◆ WORK INSTRUCTION
An exact copy of all the data is needed, with every picture left out.

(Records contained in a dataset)
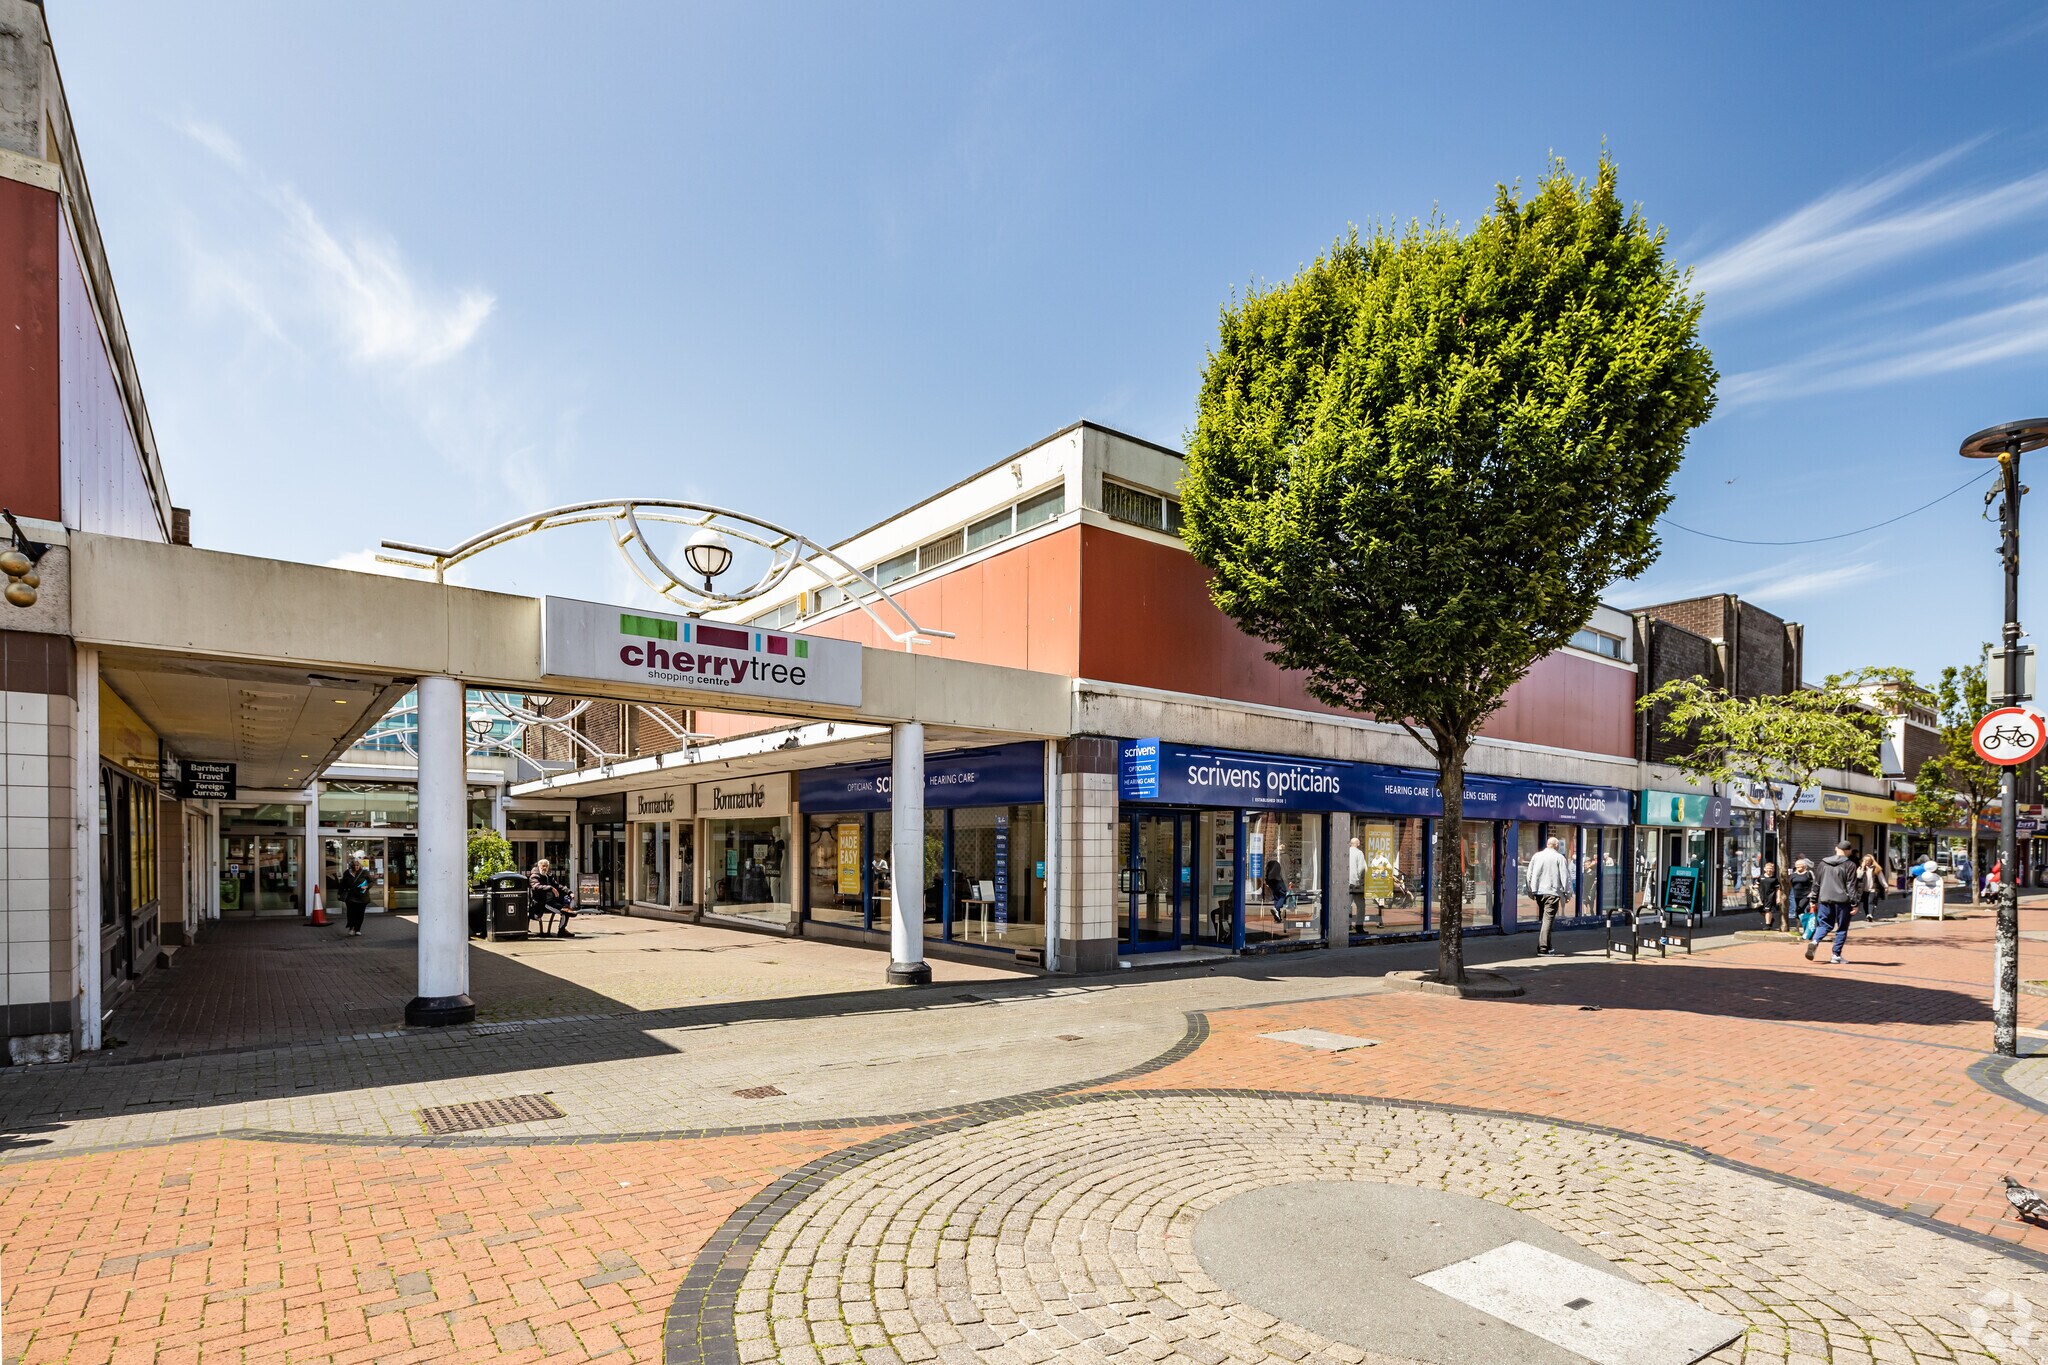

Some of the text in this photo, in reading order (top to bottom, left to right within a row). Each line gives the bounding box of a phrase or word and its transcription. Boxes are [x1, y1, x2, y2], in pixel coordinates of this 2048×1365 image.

[648, 670, 730, 686] shopping centre
[1124, 745, 1156, 758] scrivens
[191, 764, 229, 772] Barrhead
[1128, 764, 1152, 772] OPTICIANS
[198, 772, 223, 780] Travel
[929, 774, 957, 785] HEARING
[958, 772, 975, 783] CARE
[1124, 778, 1143, 786] HEARING
[1188, 760, 1340, 796] scrivens opticians
[196, 783, 224, 791] Foreign
[847, 781, 873, 792] OPTICIANS
[1384, 785, 1413, 796] HEARING
[1413, 787, 1429, 797] CARE
[192, 790, 227, 798] Currency
[712, 782, 766, 811] Bonmarché
[1463, 791, 1497, 802] LENS CENTRE
[637, 792, 675, 815] Bonmarché
[1527, 789, 1606, 814] scrivens opticians
[1715, 808, 1721, 818] BT
[840, 836, 857, 849] MADE
[1368, 837, 1390, 851] MADE
[840, 850, 858, 865] EASY
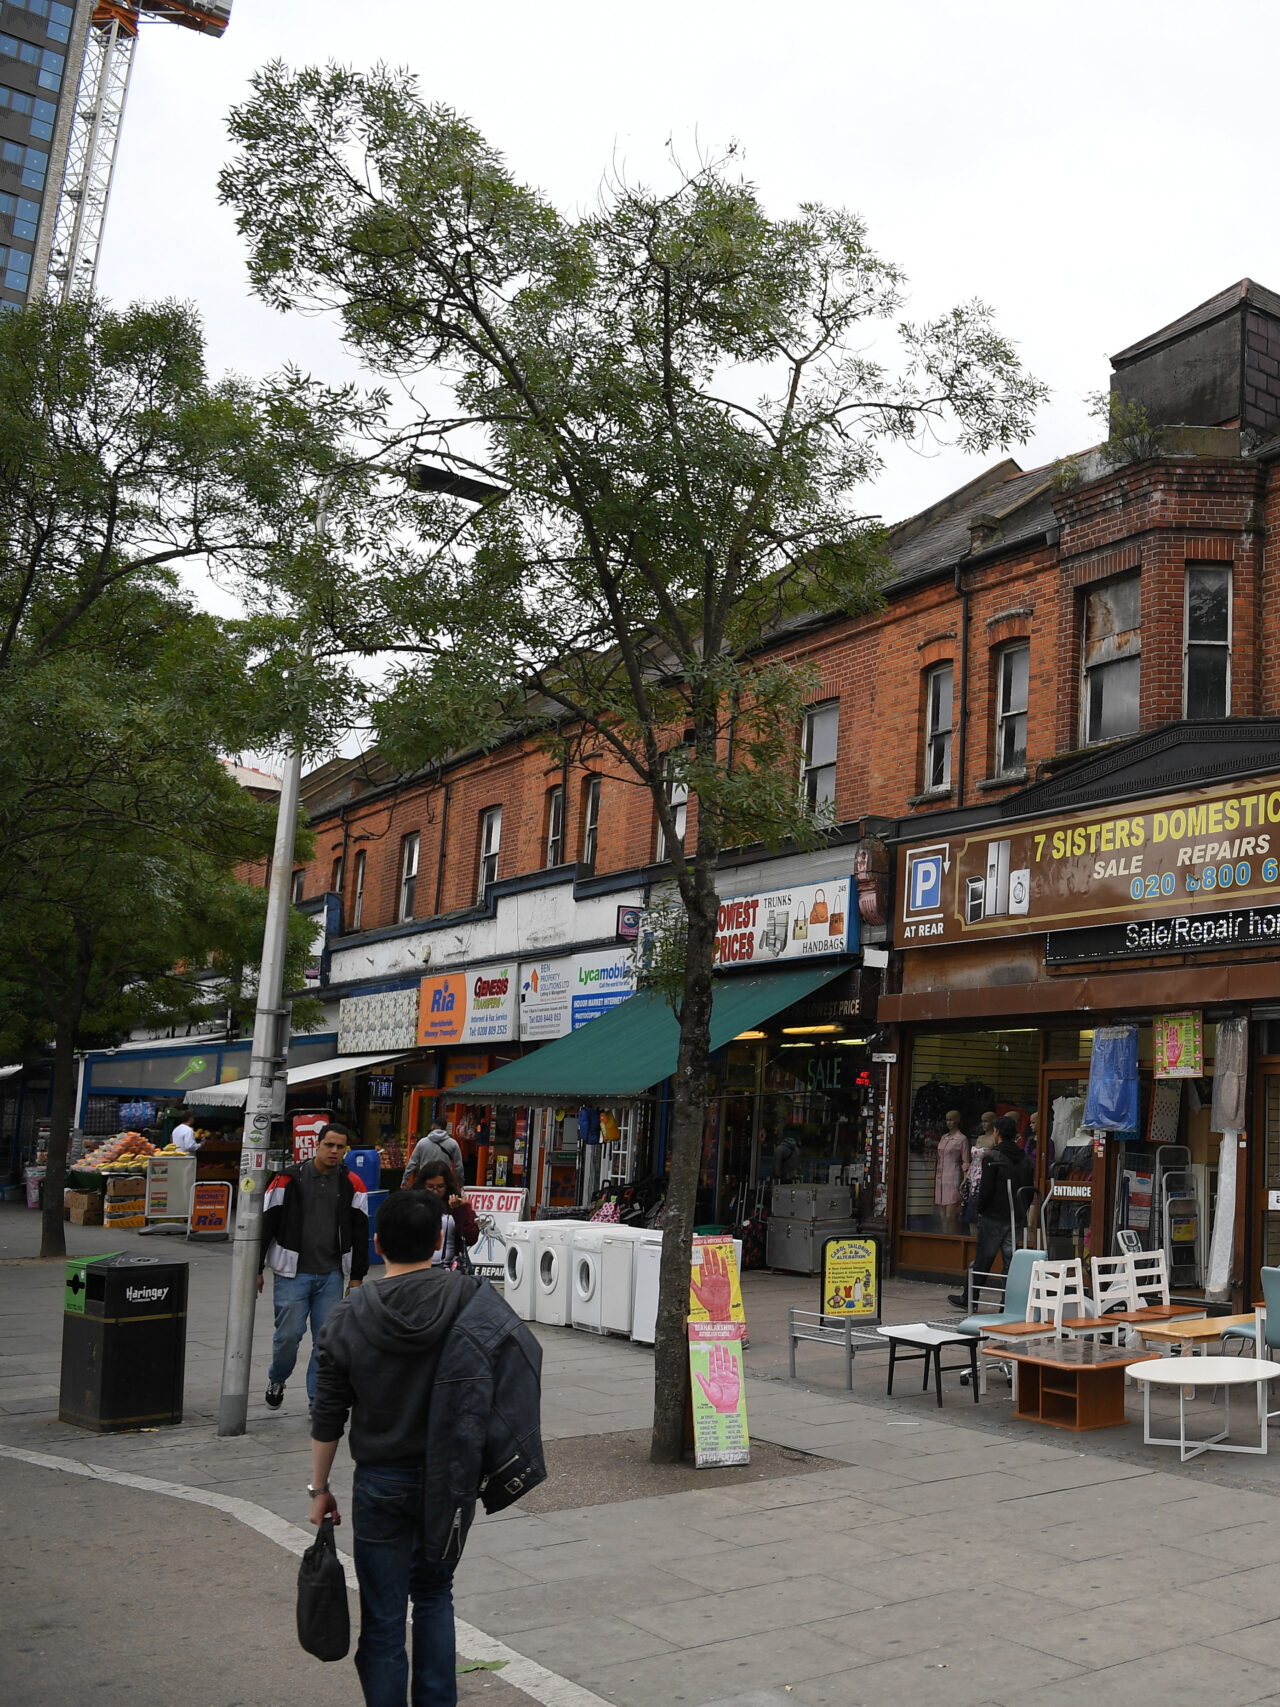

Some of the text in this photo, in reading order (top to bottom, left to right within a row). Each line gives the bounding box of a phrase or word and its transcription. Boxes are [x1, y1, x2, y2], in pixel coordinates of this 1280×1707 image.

[1034, 834, 1046, 862] 7
[1052, 816, 1145, 860] SISTERS
[1093, 855, 1144, 879] SALE
[1177, 834, 1271, 867] REPAIRS
[1130, 872, 1176, 900] 020
[1185, 861, 1251, 892] 8800
[764, 894, 792, 909] TRUNKS
[838, 884, 847, 893] 245
[904, 924, 944, 938] AT REAR
[1126, 912, 1243, 948] Sale/Repair
[713, 931, 755, 963] PRICES
[802, 937, 844, 953] HANDBAGS
[540, 963, 550, 973] BEN
[540, 972, 560, 982] PROPERTY
[474, 976, 509, 998] GENESIS
[431, 979, 455, 1013] Ria
[838, 999, 860, 1016] PRICE
[807, 1057, 842, 1091] SALE
[295, 1136, 320, 1149] KEY
[300, 1149, 318, 1160] CU
[1053, 1185, 1092, 1198] ENTRANCE
[465, 1194, 521, 1211] KEYS CUT
[196, 1212, 224, 1227] Ria
[847, 1243, 873, 1257] TAILORING
[126, 1286, 170, 1301] Haringey
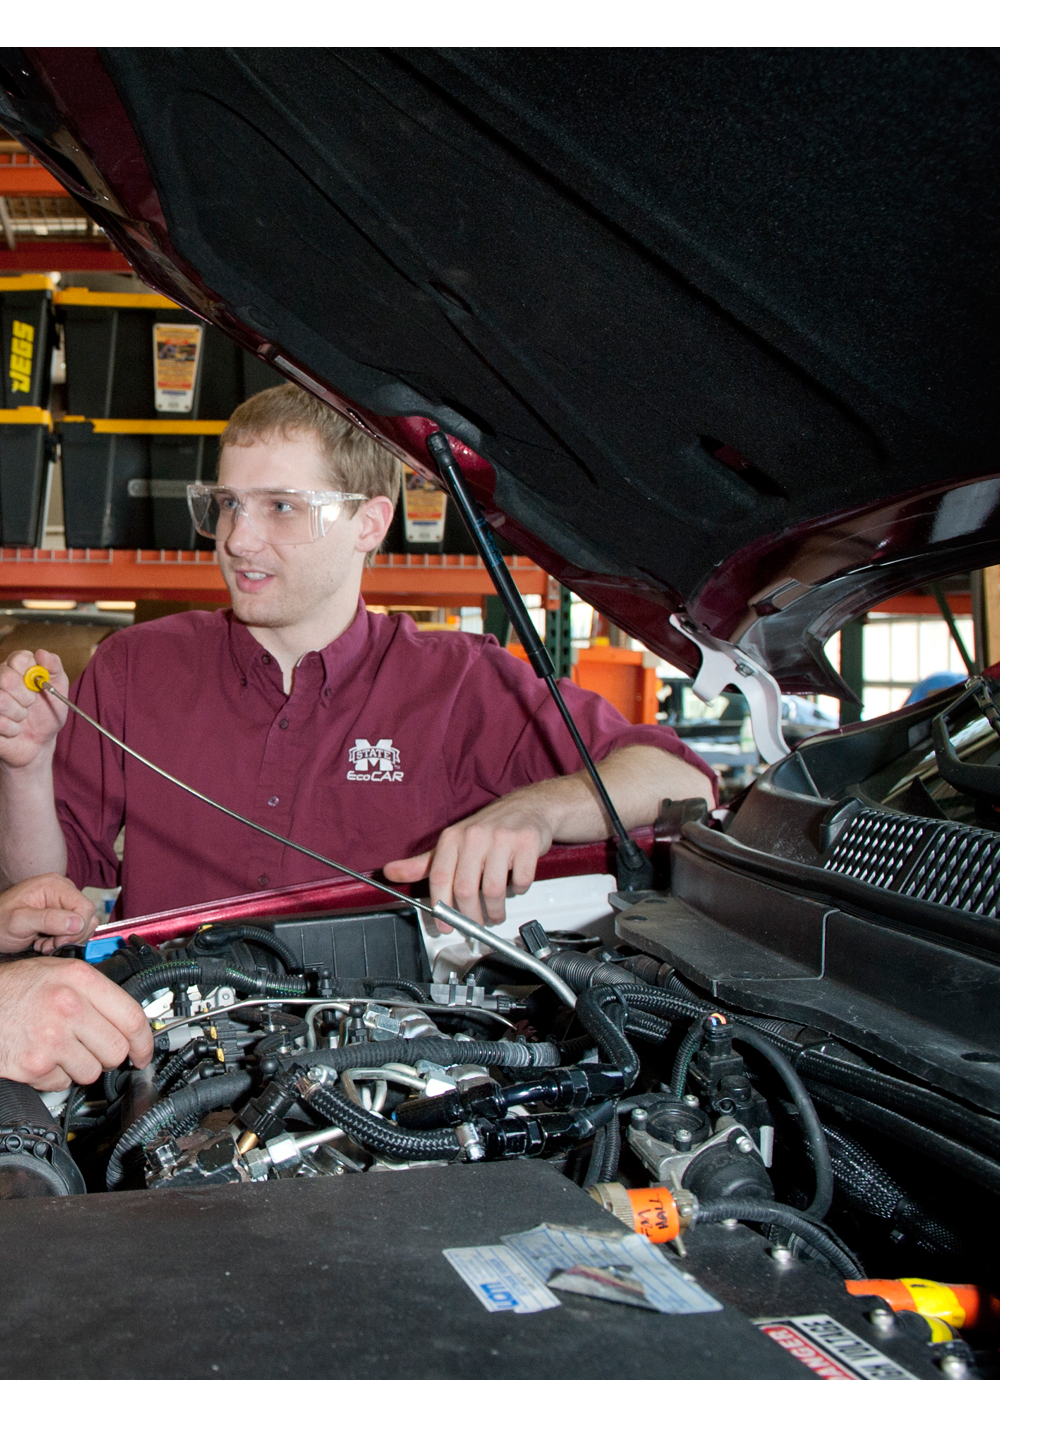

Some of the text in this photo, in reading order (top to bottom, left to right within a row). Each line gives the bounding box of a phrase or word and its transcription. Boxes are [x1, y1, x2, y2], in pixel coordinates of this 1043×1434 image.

[8, 319, 35, 394] JEGS
[355, 747, 392, 761] STATE
[346, 769, 405, 782] EcoCAR
[801, 1319, 881, 1363] VOLTAGE

◆ YOUR RESPONSE
Some of the text in this photo, in reading order (top to bottom, left to right within a row). Each line gives the bounding box of a phrase or word and its transcription. Boxes are [x1, y1, x2, y2], in pixel coordinates of this 2048×1365 image.

[648, 670, 730, 686] shopping centre
[1124, 745, 1156, 758] scrivens
[191, 764, 229, 772] Barrhead
[1128, 764, 1152, 772] OPTICIANS
[198, 772, 223, 780] Travel
[929, 774, 957, 785] HEARING
[958, 772, 975, 783] CARE
[1124, 778, 1143, 786] HEARING
[1188, 760, 1340, 796] scrivens opticians
[196, 783, 224, 791] Foreign
[847, 781, 873, 792] OPTICIANS
[1384, 785, 1413, 796] HEARING
[1413, 787, 1429, 797] CARE
[192, 790, 227, 798] Currency
[712, 782, 766, 811] Bonmarché
[1463, 791, 1497, 802] LENS CENTRE
[637, 792, 675, 815] Bonmarché
[1527, 789, 1606, 814] scrivens opticians
[1715, 808, 1721, 818] BT
[840, 836, 857, 849] MADE
[1368, 837, 1390, 851] MADE
[840, 850, 858, 865] EASY

Some of the text in this photo, in reading order (top to bottom, left to right within a row). Each line gives the bounding box of a phrase or word and its transcription. Boxes are [x1, y1, x2, y2], in pixel coordinates of this 1280×1707 image.

[1034, 834, 1046, 862] 7
[1052, 816, 1145, 860] SISTERS
[1093, 855, 1144, 879] SALE
[1177, 834, 1271, 867] REPAIRS
[1130, 872, 1176, 900] 020
[1185, 861, 1251, 892] 8800
[764, 894, 792, 909] TRUNKS
[838, 884, 847, 893] 245
[904, 924, 944, 938] AT REAR
[1126, 912, 1243, 948] Sale/Repair
[713, 931, 755, 963] PRICES
[802, 937, 844, 953] HANDBAGS
[540, 963, 550, 973] BEN
[540, 972, 560, 982] PROPERTY
[474, 976, 509, 998] GENESIS
[431, 979, 455, 1013] Ria
[838, 999, 860, 1016] PRICE
[807, 1057, 842, 1091] SALE
[295, 1136, 320, 1149] KEY
[300, 1149, 318, 1160] CU
[1053, 1185, 1092, 1198] ENTRANCE
[465, 1194, 521, 1211] KEYS CUT
[196, 1212, 224, 1227] Ria
[847, 1243, 873, 1257] TAILORING
[126, 1286, 170, 1301] Haringey

Some of the text in this photo, in reading order (top to bottom, left to right within a row). Each line gives the bounding box of a phrase or word and its transcription. Boxes are [x1, y1, x2, y2], in pixel coordinates of this 1043×1434 image.

[8, 319, 35, 394] JEGS
[355, 747, 392, 761] STATE
[346, 769, 405, 782] EcoCAR
[801, 1319, 881, 1363] VOLTAGE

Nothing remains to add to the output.